From bread to beer — the gene mutation in barley


By Lauren Davis
Thursday, 24 November, 2016


From bread to beer — the gene mutation in barley

A research team led by Okayama University has discovered the gene mutation and enzyme that determine whether the dormancy of barley is long (better for food crops) or short (better for beer-making). Their results have been published in the journal Nature Communications.

Wild barley is characterised by long grain dormancy, which lasts for several months after grain maturation. This dormancy means that, initially, the grain will not germinate in response to transient moisture availability and will therefore survive hot, dry summers.

But while barley with long dormancy is ideal for the production of food crops, it is undesirable when malting barley kernels for brewing beer or distilling whisky, as seeds with long dormancy will by association require a long storage period prior to malting.

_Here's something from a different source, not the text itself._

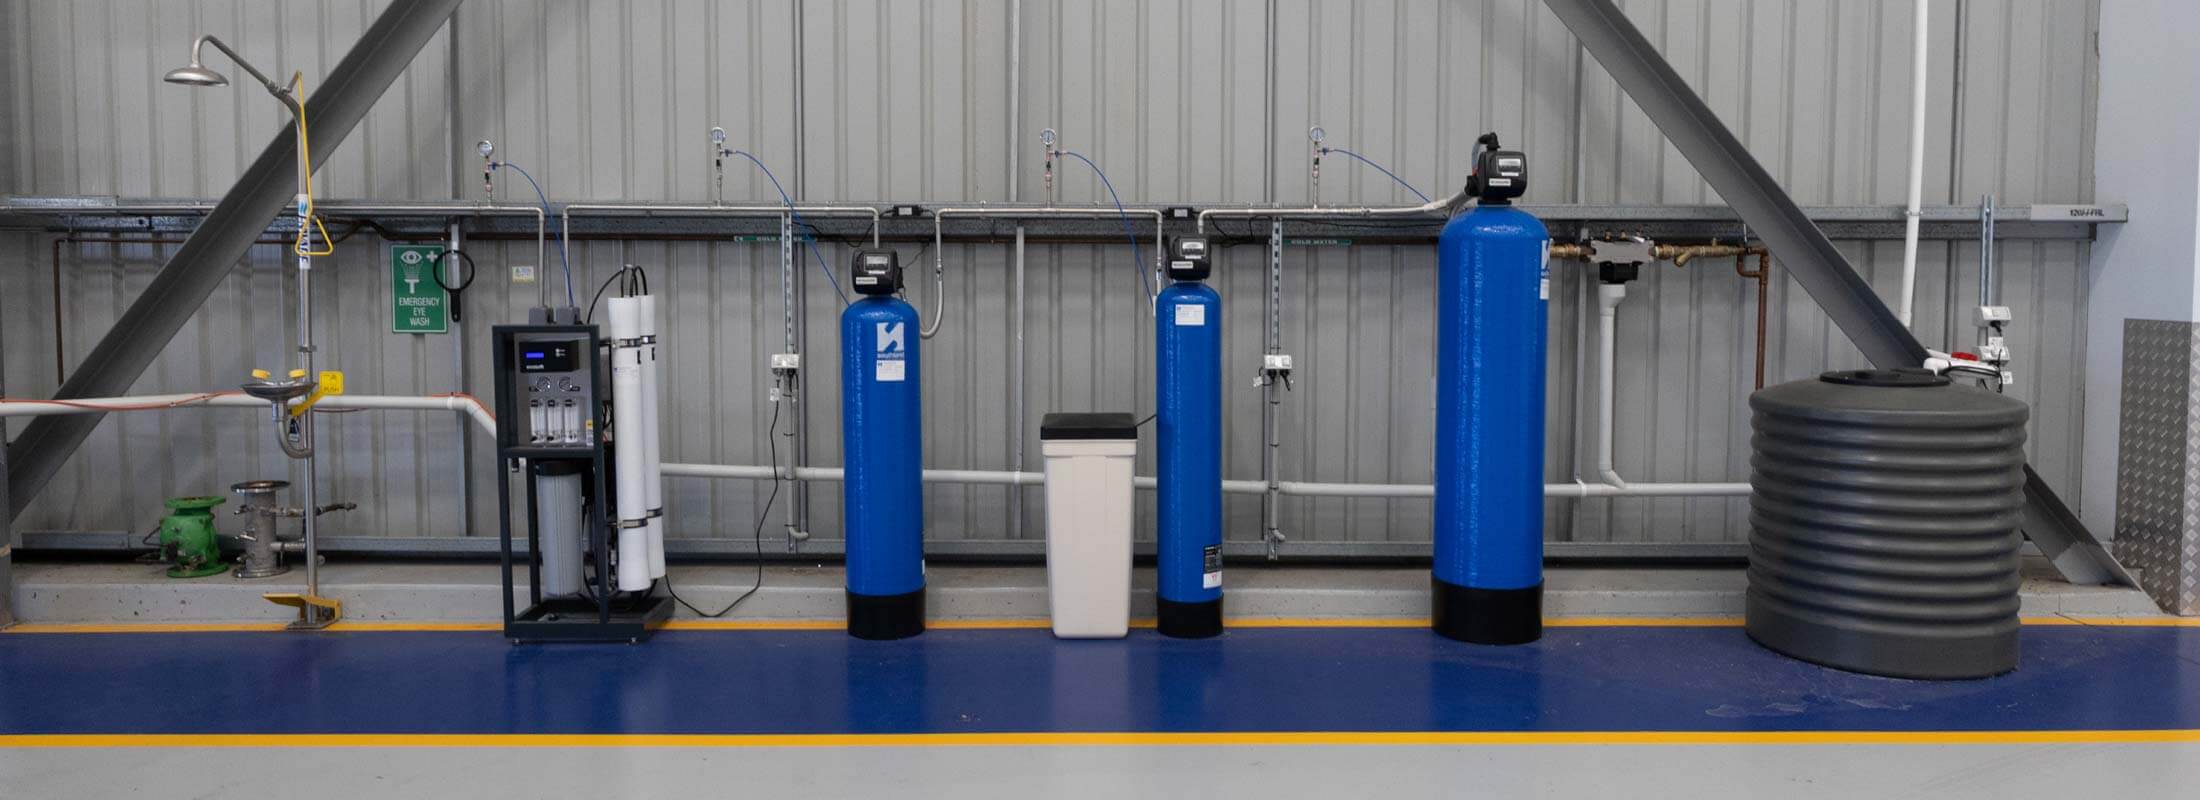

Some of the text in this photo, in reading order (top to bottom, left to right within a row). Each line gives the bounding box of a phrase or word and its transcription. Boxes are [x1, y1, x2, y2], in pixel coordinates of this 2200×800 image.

[399, 297, 440, 306] EMERGENCY
[413, 307, 426, 316] EYE
[410, 317, 430, 326] WASH

Beverage producers are thus more inclined towards barley with short dormancy times.

Seeking to investigate the control of dormancy by the food and beverage industry, researchers from Okayama University, Japan’s National Institute of Agrobiological Sciences and the University of Adelaide compared DNA sequences of Haruna Nijo — a type of barley known to have short dormancy — with wild barley H602, known to have long dormancy. Haruna Nijo has a dominant short-dormancy allele called Qsd1, whereas H602 has a recessive long-dormancy allele called qsd1.

“The qsd1 gene for long dormancy appears to be a mutable gene that might be used for adaptation to different environments and this is consistent with the large variation in qsd1 sequence that exists in nature,” the researchers wrote.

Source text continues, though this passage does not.